23-07-2018, 21:19
Ayrılıkçıların kökünü kazımak için çadırımda yolladığım casusuların raporlarını beklerken bir yandan da ordumdaki yaralı askerlerin iyileştirilmesine odaklanıyordum ve yaklaşık bir haftanın sonunda Ayrılıkçıların Eilhart'ta Hans Zinter komutasındaki orta büyüklükte bir ordu ile bizi beklediğini öğreniyorum.

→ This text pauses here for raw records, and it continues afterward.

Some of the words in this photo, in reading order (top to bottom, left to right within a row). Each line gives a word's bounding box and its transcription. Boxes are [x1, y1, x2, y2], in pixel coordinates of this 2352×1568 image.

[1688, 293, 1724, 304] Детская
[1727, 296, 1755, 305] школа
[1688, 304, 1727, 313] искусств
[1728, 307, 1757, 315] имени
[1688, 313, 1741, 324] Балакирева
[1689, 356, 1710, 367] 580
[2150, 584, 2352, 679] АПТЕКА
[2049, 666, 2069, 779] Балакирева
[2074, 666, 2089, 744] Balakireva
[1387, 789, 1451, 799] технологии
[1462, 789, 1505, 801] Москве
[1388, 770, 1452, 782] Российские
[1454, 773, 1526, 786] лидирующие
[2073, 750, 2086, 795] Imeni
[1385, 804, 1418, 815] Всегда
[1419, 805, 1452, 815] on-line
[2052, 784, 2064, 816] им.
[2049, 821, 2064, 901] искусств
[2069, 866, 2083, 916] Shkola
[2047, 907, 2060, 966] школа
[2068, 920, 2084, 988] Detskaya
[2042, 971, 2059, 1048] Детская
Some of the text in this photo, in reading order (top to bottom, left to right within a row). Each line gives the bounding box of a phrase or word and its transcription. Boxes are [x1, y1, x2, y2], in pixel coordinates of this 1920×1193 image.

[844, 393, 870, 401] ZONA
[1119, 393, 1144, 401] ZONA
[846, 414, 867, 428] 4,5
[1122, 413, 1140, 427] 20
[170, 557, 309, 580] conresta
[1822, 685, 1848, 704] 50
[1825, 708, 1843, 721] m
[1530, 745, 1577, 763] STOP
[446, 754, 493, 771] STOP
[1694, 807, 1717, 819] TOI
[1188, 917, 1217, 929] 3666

Ordum bir diğer Ayrılıkçı şehiri olan Helmgart'a daha yakın olduğu için olası bir saldırıya dayanıp dayanamayacağını anlamak için başkentimiz Altdrof'un garnizonunu kontrol ediyor ve dayanabileceğine kanaat getirdikten sonra ordumla Helmfart'a doğru yola çıkıyorum.
Ordumla tam Helmgart yolundayken yolladığım diğer casusun raporu geliyor ve Helmgrat'ta olağan garnizon dışında sadece yerel asayişi sağlayan bir lord olduğu haberini alıyorum.
Bir cüce klanından saldırmazlık anlaşması teklifi alıyorum ve daha insanları tek çatı altına birleştirmeden diğer ırklara saldırmak istemememden teklifi kabul ediyorum.
Biz daha yolu yarılamışken düşman hedefimizin Helmgart olduğunu anlamış olacak ki ana ordusu ile sözde askeri eğitimden sorumlu tek lordun yerlerini değiştirip bizi Helmgart'ta beklemeye başlıyor.
Tabi ben de hemen düşman ana ordusu ile yüzleşmek istemediğim için şimdiden asker toplanmaya başlanmış olan Eilhart'a doğru gidiyorum.
Bizim geldiğimizi fark eden sözde "Lord" toplaya bildiği bir düzüne askerle Carroburg'a kaçıp, Eilhart'ı bizimle baş başa bırakıyor
Düşman garnizonundan o kadar üstünüz ki savaş sırasında geyik avına çıkıyor ve saatlerdir süren avdan tek geyik bile bulamadan hüsranla dönüyorum.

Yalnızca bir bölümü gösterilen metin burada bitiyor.